- WORK INSTRUCTIONS: Lines of the listing below that contain the string "violation" are to be returned.

*** Opening of GIVEN RECORDS ***

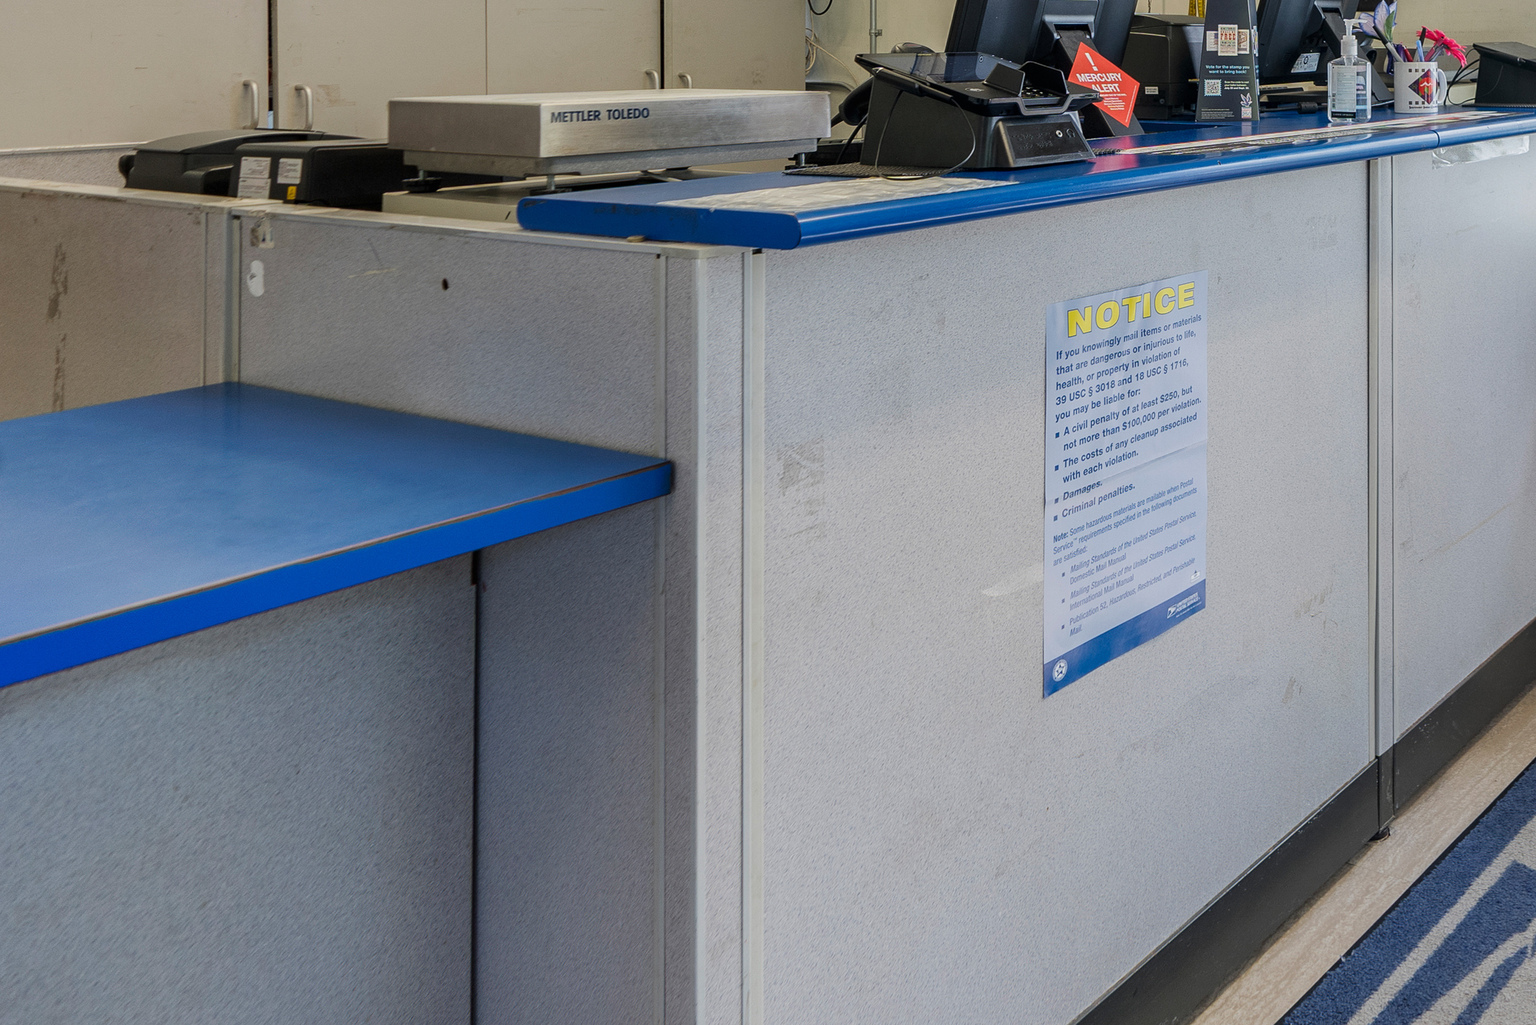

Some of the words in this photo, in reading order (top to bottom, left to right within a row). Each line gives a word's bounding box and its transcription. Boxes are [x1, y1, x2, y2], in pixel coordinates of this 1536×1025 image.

[1076, 72, 1122, 83] MERCURY
[1092, 83, 1121, 93] ALERT
[550, 110, 601, 123] METTLER
[606, 107, 650, 120] TOLEDO
[1067, 281, 1195, 338] NOTICE
[1056, 350, 1064, 360] If
[1065, 348, 1080, 360] you
[1082, 336, 1121, 353] knowingly
[1123, 330, 1138, 342] mail
[1140, 326, 1162, 338] items
[1164, 324, 1171, 332] or
[1172, 314, 1202, 329] materials
[1056, 363, 1074, 375] that
[1076, 360, 1088, 370] are
[1090, 348, 1131, 366] dangerous
[1132, 345, 1142, 354] or
[1144, 336, 1174, 351] injurious
[1176, 334, 1183, 342] to
[1184, 330, 1196, 340] life,
[1056, 376, 1084, 390] health,
[1086, 373, 1095, 382] or
[1096, 362, 1130, 380] property
[1132, 360, 1140, 368] in
[1142, 351, 1172, 366] violation
[1174, 347, 1181, 356] of
[1056, 395, 1067, 406] 39
[1069, 388, 1086, 402] USC
[1088, 386, 1094, 397] §
[1095, 380, 1116, 393] 3018
[1118, 375, 1132, 386] and
[1135, 371, 1144, 382] 18
[1146, 366, 1162, 378] USC
[1164, 364, 1168, 374] §
[1170, 358, 1189, 370] 1716,
[1055, 410, 1070, 423] you
[1072, 404, 1089, 416] may
[1091, 400, 1101, 410] be
[1104, 392, 1125, 406] liable
[1128, 388, 1141, 399] for:
[1064, 426, 1070, 436] A
[1072, 420, 1088, 432] civil
[1090, 411, 1120, 428] penalty
[1122, 406, 1130, 416] of
[1132, 404, 1139, 414] at
[1141, 397, 1158, 410] least
[1160, 390, 1180, 403] $250,
[1182, 386, 1193, 396] but
[1064, 439, 1077, 451] not
[1080, 432, 1100, 446] more
[1102, 426, 1120, 438] than
[1122, 412, 1156, 430] $100,000
[1158, 408, 1170, 419] per
[1171, 397, 1202, 413] violation.
[1063, 456, 1078, 468] The
[1081, 448, 1104, 462] costs
[1105, 443, 1113, 453] of
[1115, 438, 1128, 450] any
[1130, 428, 1158, 444] cleanup
[1160, 412, 1198, 433] associated
[1063, 470, 1080, 483] with
[1083, 462, 1103, 476] each
[1105, 450, 1139, 468] violation.
[1053, 532, 1068, 543] Note:
[1070, 525, 1085, 536] Some
[1086, 513, 1112, 529] hazardous
[1113, 502, 1136, 517] materials
[1137, 499, 1145, 508] are
[1166, 485, 1179, 495] when
[1180, 477, 1194, 489] Postal
[1062, 497, 1096, 518] Criminal
[1098, 483, 1136, 505] penalties.
[1063, 480, 1103, 501] Damages.

*** Close of GIVEN RECORDS ***

- WRITTEN RESPONSE:
[1142, 351, 1172, 366] violation
[1171, 397, 1202, 413] violation.
[1105, 450, 1139, 468] violation.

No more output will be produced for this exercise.